The examination of semen and seminal stains is an important part in the routine investigation in
sexual offenses like cases of rape, adultery, sodomy, and sexual homicide.

SEMEN – A whitish fluid of the male reproductive tract consisting of spermatozoa suspended in
secretion of accessory glands.

PARTS OF THE SEMEN

a. Seminal Fluid – has characteristic alkaline odor, it is viscid, gelatinous and sticky.
Becomes more liquid in character when exposed to air for one and half-hour due probably to
enzymatic reaction. Slightly alkaline in reaction. b.

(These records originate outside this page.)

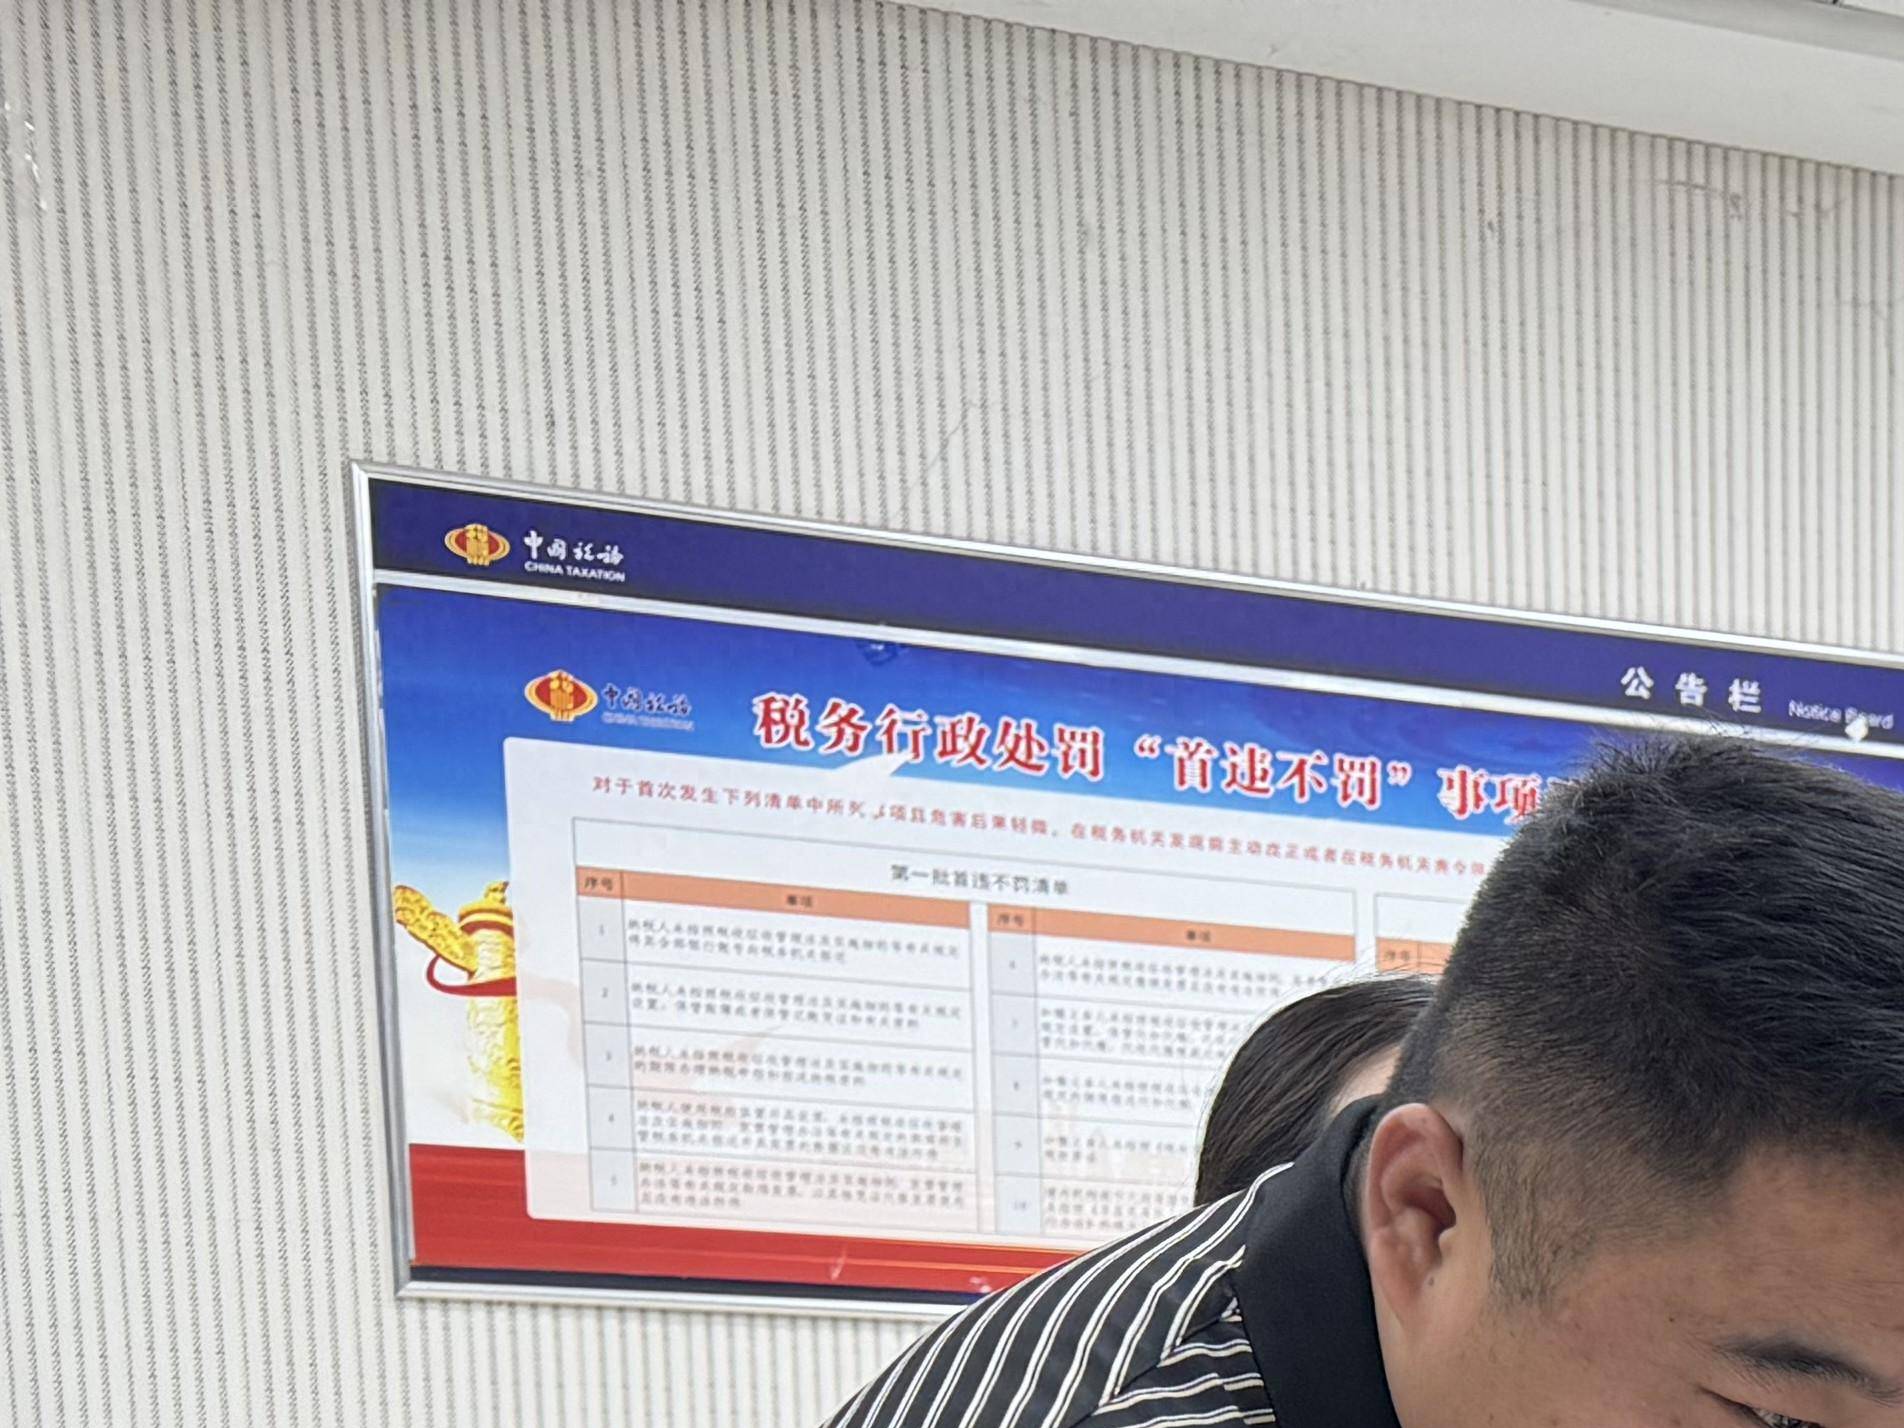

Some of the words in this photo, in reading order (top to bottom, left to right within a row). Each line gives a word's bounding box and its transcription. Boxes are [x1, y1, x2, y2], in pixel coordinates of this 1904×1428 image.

[524, 530, 624, 565] 中国税务
[524, 561, 564, 576] CHINA
[566, 564, 626, 583] TAXATION
[1620, 665, 1762, 714] 公告栏
[1788, 699, 1842, 724] Notice
[1845, 707, 1895, 731] Bard

Formed Cellular Elements which
includes:

1. Spermatozoa or Sperm Cell – Small objects with a pear-shaped head behind

is a short neck and then a tail of about ten times as long as the head.

2. Epithelial Cells
3. Crystal Of Choline And Lecithin

One point five (1.5) ml to 3.5 ml is the normal quantity of seminal fluid in single
ejaculation 400 to 500 million is the total number of spermatozoa contained in a single
ejaculation from a healthy young man.

CASES WHERE IN EJACULATION HAS NO SPERMATOZOA

1. Males suffering from aspermia.
Aspermia – a condition wherein males have no spermatozoa at all in their seminal fluid.
2. Males suffering from oligospermia.
Oligospermia – a condition whereby males have abnormally low sperm counts or with
few spermatozoa.

These two diseases can be taken from excessive sexual intercourse. Those suffering from chronic
epididymitis and either testicular diseases. Also taken from chronic venereal diseases.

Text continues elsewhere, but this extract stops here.